TASK PROMPT.
Each entry below must be repeated exactly. Leave the pictures out of it.

*** Opening of GIVEN DATA ***

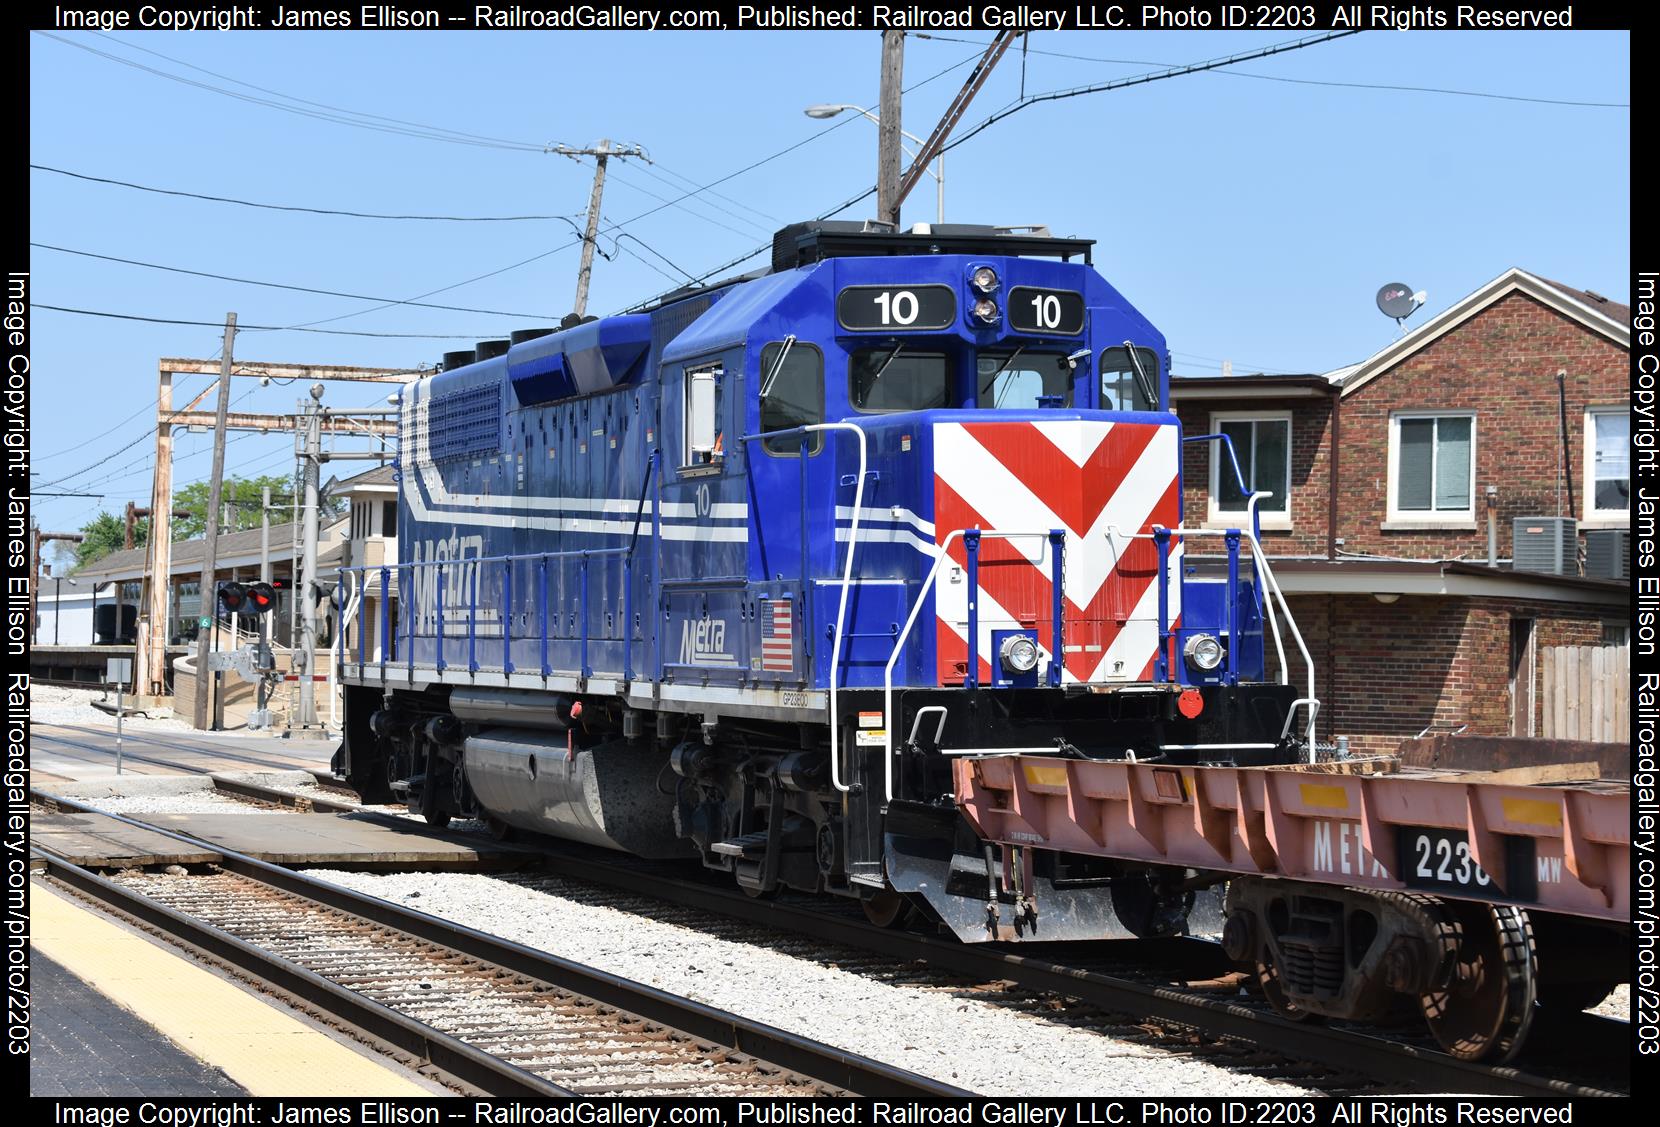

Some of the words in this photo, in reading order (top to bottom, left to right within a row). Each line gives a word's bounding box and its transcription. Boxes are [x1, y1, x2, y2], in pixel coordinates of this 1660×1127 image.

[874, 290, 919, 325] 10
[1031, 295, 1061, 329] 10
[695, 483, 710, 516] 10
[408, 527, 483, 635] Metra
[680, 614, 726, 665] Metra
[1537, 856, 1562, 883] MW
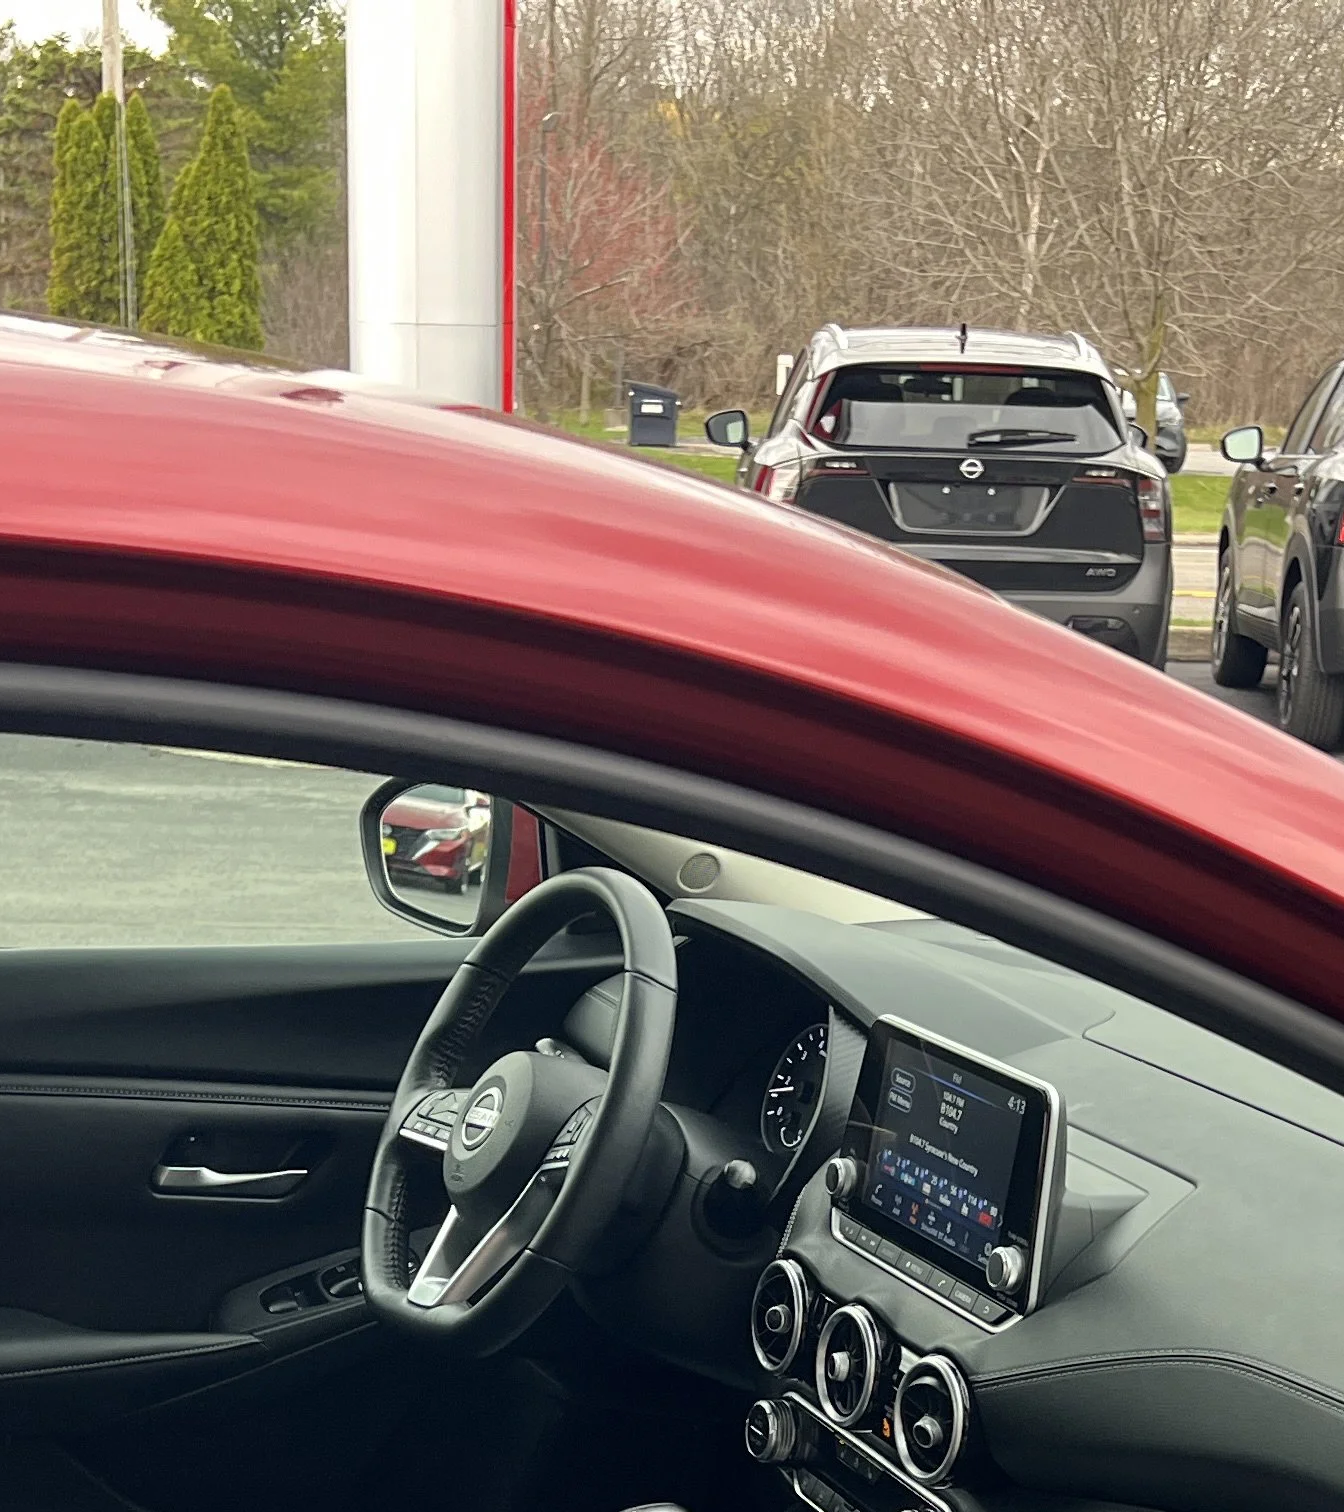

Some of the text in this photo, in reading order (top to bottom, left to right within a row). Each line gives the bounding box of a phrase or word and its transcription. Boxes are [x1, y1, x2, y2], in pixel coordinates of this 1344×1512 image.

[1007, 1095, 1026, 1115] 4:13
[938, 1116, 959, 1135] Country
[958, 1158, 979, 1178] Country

*** Close of GIVEN DATA ***

EXERCISE RESPONSE.
Some of the words in this photo, in reading order (top to bottom, left to right within a row). Each line gives a word's bounding box and its transcription. Boxes are [x1, y1, x2, y2], in pixel coordinates of this 1660×1127 image.

[874, 290, 919, 325] 10
[1031, 295, 1061, 329] 10
[695, 483, 710, 516] 10
[408, 527, 483, 635] Metra
[680, 614, 726, 665] Metra
[1537, 856, 1562, 883] MW

Some of the text in this photo, in reading order (top to bottom, left to right within a row). Each line gives the bounding box of a phrase or word and its transcription. Boxes are [x1, y1, x2, y2], in pixel coordinates of this 1344×1512 image.

[1007, 1095, 1026, 1115] 4:13
[938, 1116, 959, 1135] Country
[958, 1158, 979, 1178] Country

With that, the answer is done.